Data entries

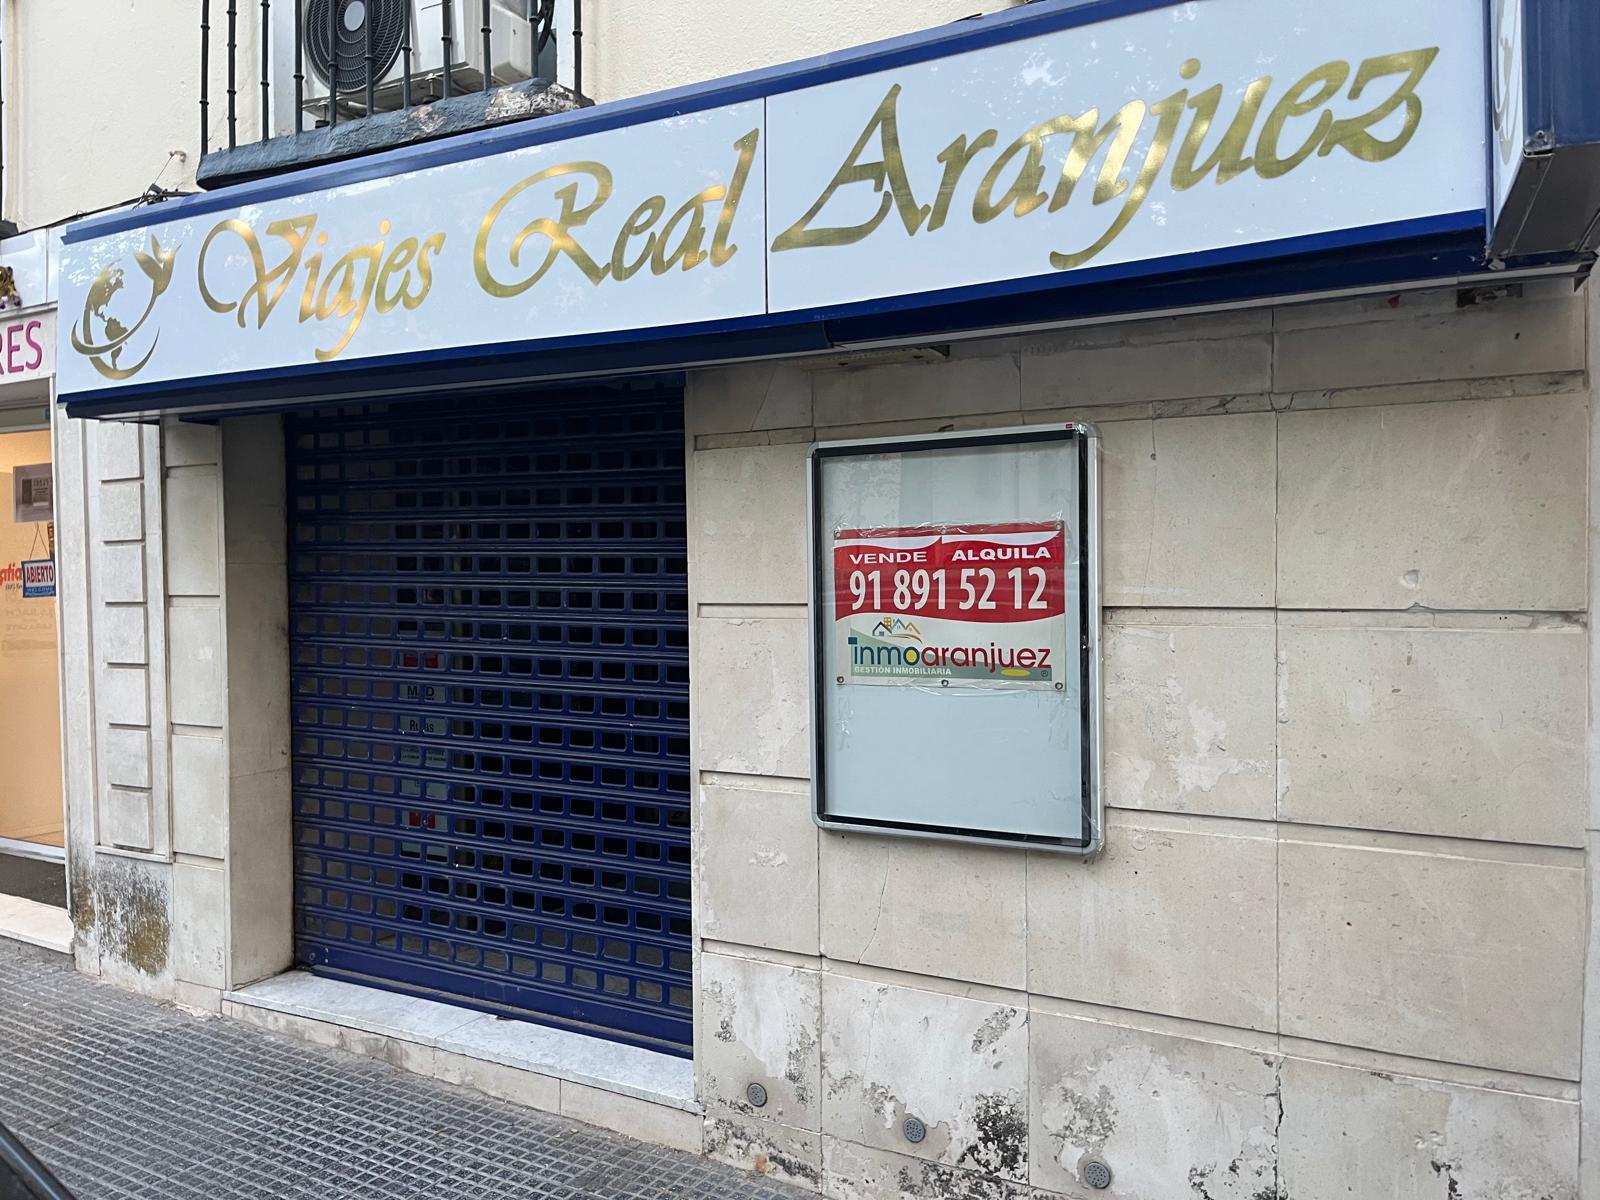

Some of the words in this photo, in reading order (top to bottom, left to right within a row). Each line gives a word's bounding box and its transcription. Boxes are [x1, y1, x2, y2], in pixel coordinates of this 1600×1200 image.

[198, 213, 446, 362] Viajes
[473, 127, 760, 298] Real
[770, 46, 1440, 271] Aranjuez
[849, 551, 928, 565] VENDE
[951, 547, 1051, 561] ALQUILA
[26, 565, 54, 584] ABIERTO
[849, 570, 881, 610] 91
[893, 568, 946, 610] 891
[958, 567, 996, 610] 52
[1007, 566, 1048, 610] 12
[848, 637, 1052, 673] inmoaranjuez
[892, 667, 952, 676] INMOBILIARIA

(Problem to solve): Give a verbatim transcription of the entries, leaving out the pictures.

(Exercise result):
Some of the words in this photo, in reading order (top to bottom, left to right within a row). Each line gives a word's bounding box and its transcription. Boxes are [x1, y1, x2, y2], in pixel coordinates of this 1600×1200 image.

[198, 213, 446, 362] Viajes
[473, 127, 760, 298] Real
[770, 46, 1440, 271] Aranjuez
[849, 551, 928, 565] VENDE
[951, 547, 1051, 561] ALQUILA
[26, 565, 54, 584] ABIERTO
[849, 570, 881, 610] 91
[893, 568, 946, 610] 891
[958, 567, 996, 610] 52
[1007, 566, 1048, 610] 12
[848, 637, 1052, 673] inmoaranjuez
[892, 667, 952, 676] INMOBILIARIA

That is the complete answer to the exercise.